Pictures should be excluded; otherwise, copy every entry exactly.
═════ Data section ═════
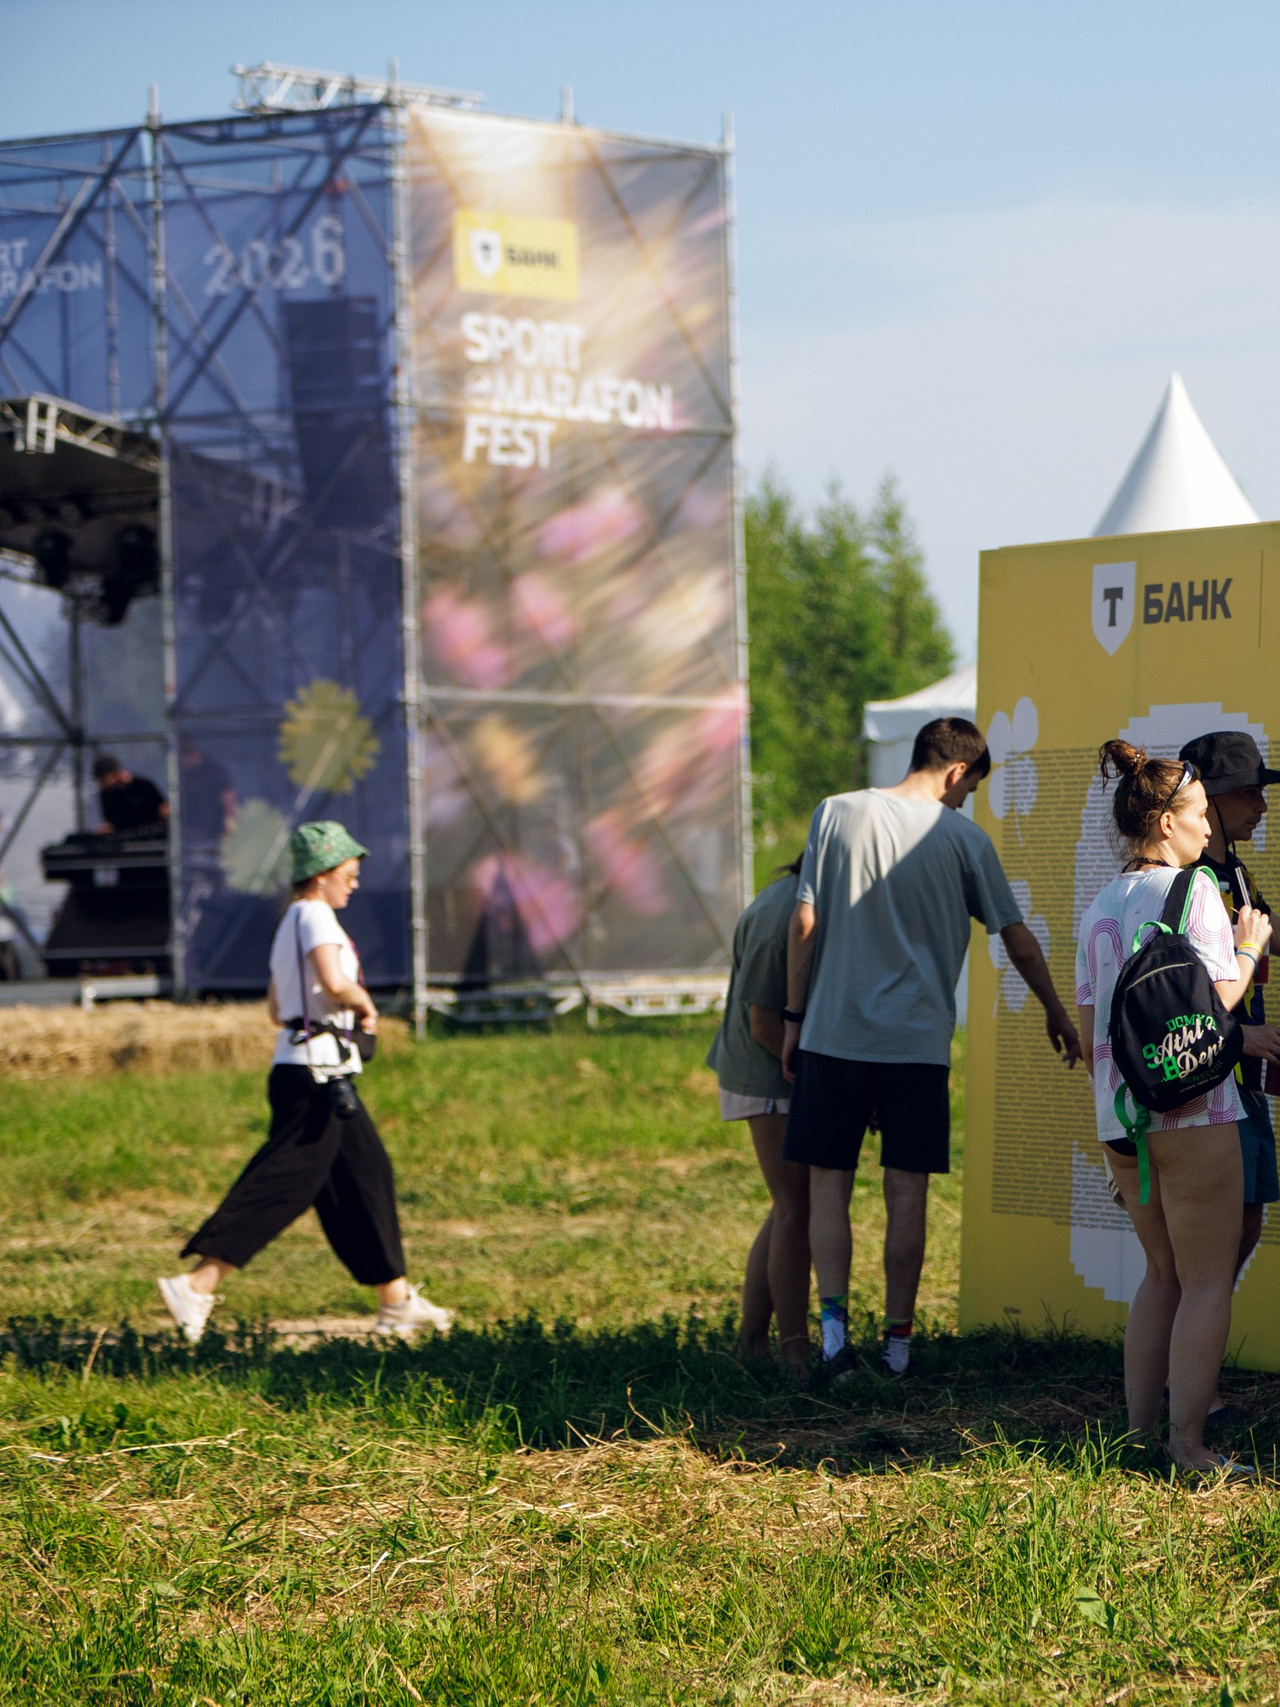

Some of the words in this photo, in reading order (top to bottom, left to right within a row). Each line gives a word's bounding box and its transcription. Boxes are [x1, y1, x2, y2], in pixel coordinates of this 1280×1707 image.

[202, 214, 345, 297] 2026
[460, 312, 584, 370] SPORT
[491, 369, 674, 430] MARAFON
[462, 413, 555, 468] FEST
[1143, 578, 1233, 624] БАНК
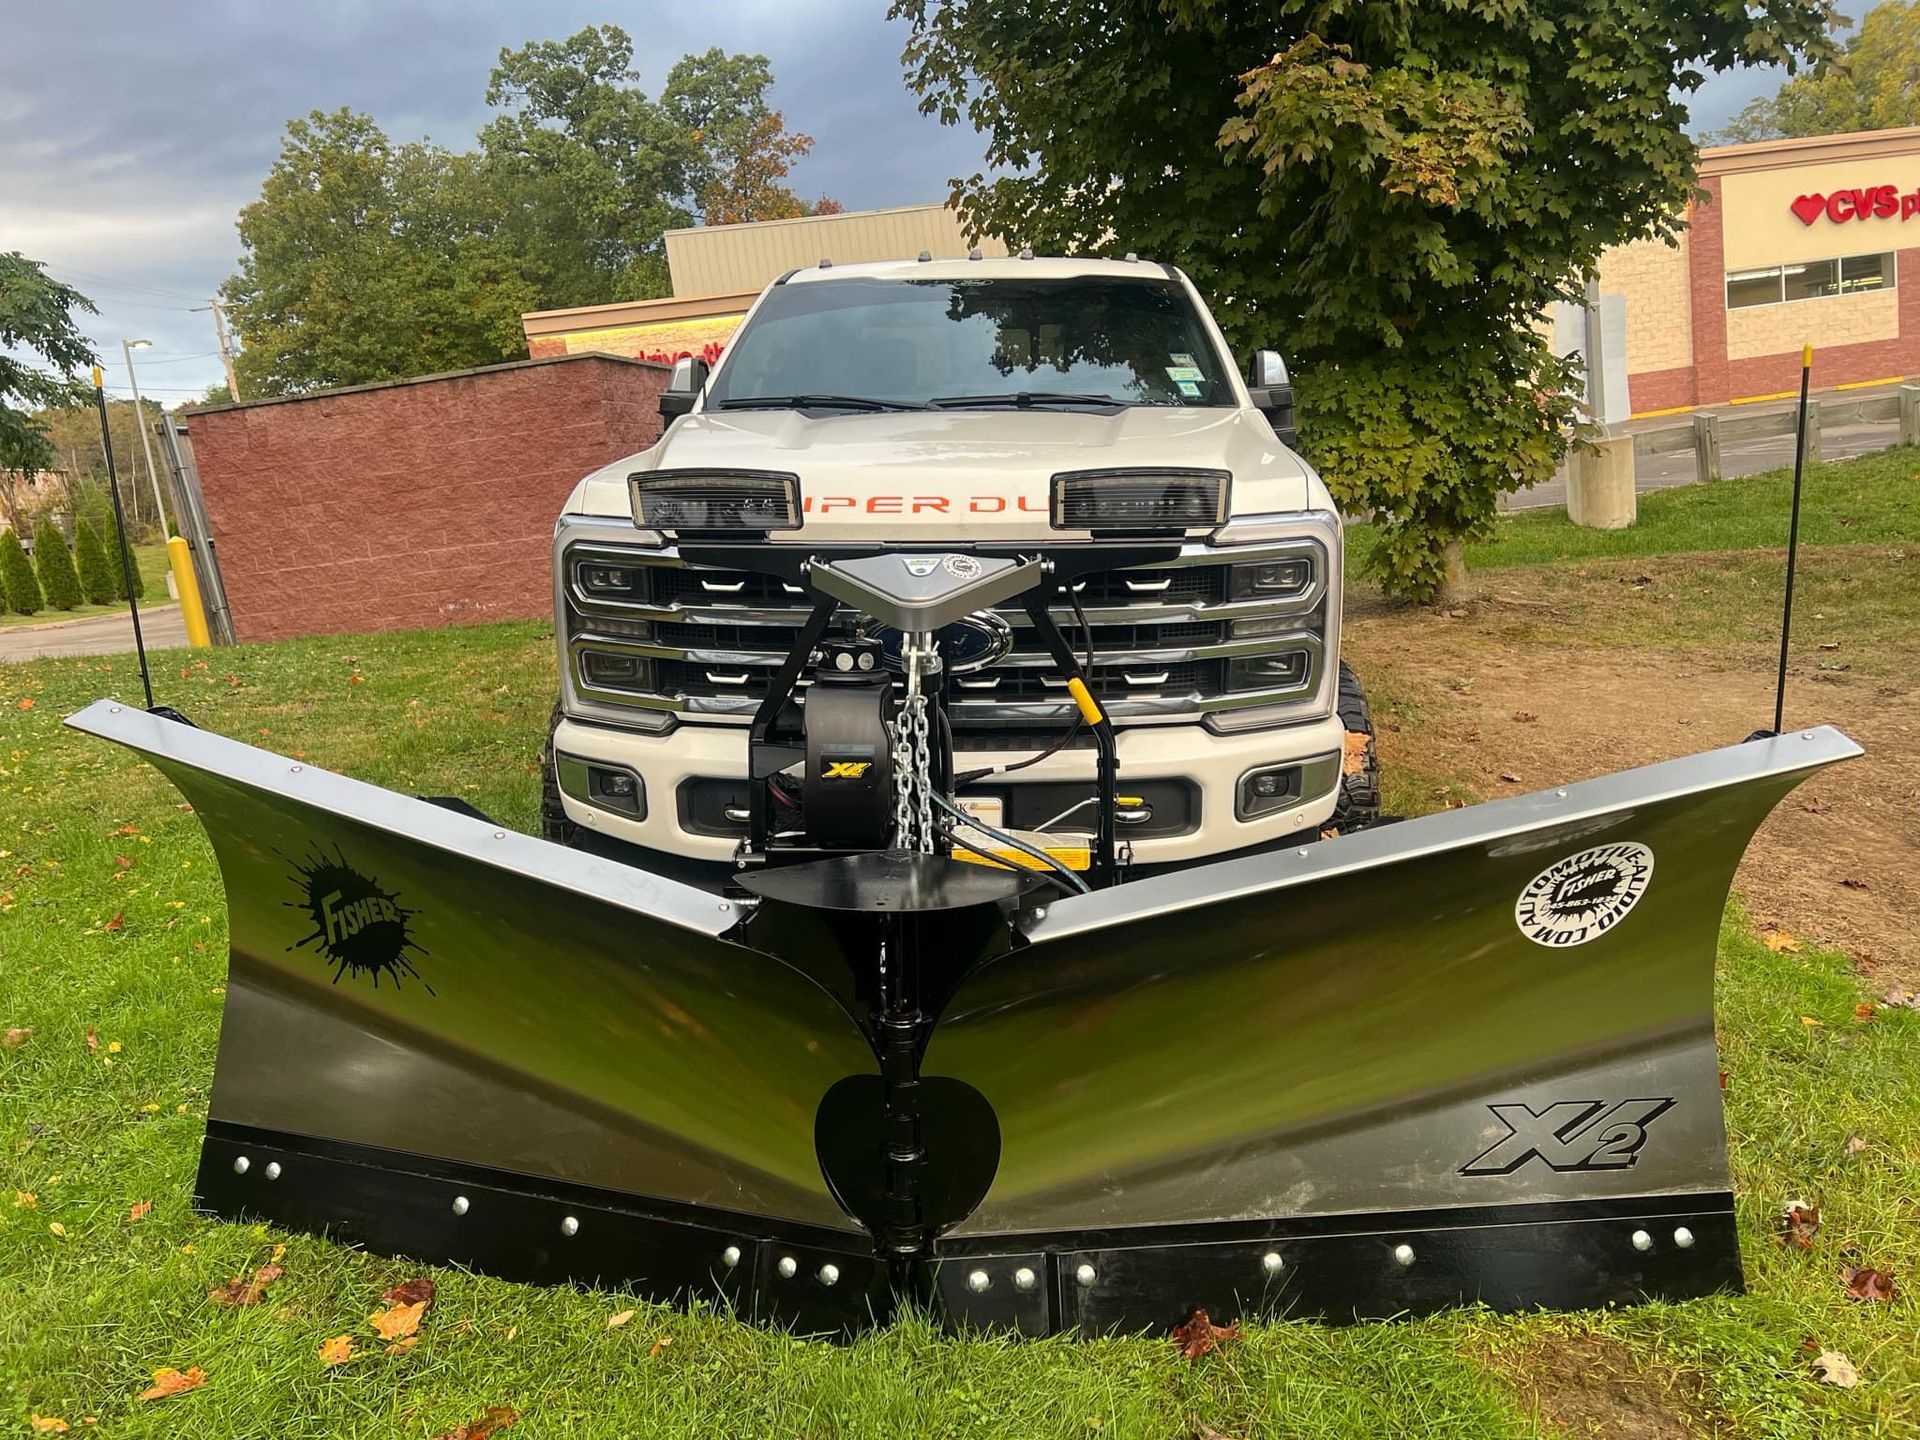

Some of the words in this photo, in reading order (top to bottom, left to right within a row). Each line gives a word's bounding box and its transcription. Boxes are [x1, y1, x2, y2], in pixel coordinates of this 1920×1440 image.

[1826, 184, 1899, 224] CVS
[803, 496, 950, 514] PER
[969, 496, 1050, 513] DU
[1556, 868, 1617, 902] FISHER
[321, 890, 402, 946] FISHER
═════
**The completed task:**
Some of the words in this photo, in reading order (top to bottom, left to right within a row). Each line gives a word's bounding box and its transcription. Boxes are [x1, y1, x2, y2], in pixel coordinates of this 1280×1707 image.

[202, 214, 345, 297] 2026
[460, 312, 584, 370] SPORT
[491, 369, 674, 430] MARAFON
[462, 413, 555, 468] FEST
[1143, 578, 1233, 624] БАНК

Some of the words in this photo, in reading order (top to bottom, left to right within a row). Each line gives a word's bounding box and its transcription. Boxes are [x1, y1, x2, y2], in pixel coordinates of this 1920×1440 image.

[1826, 184, 1899, 224] CVS
[803, 496, 950, 514] PER
[969, 496, 1050, 513] DU
[1556, 868, 1617, 902] FISHER
[321, 890, 402, 946] FISHER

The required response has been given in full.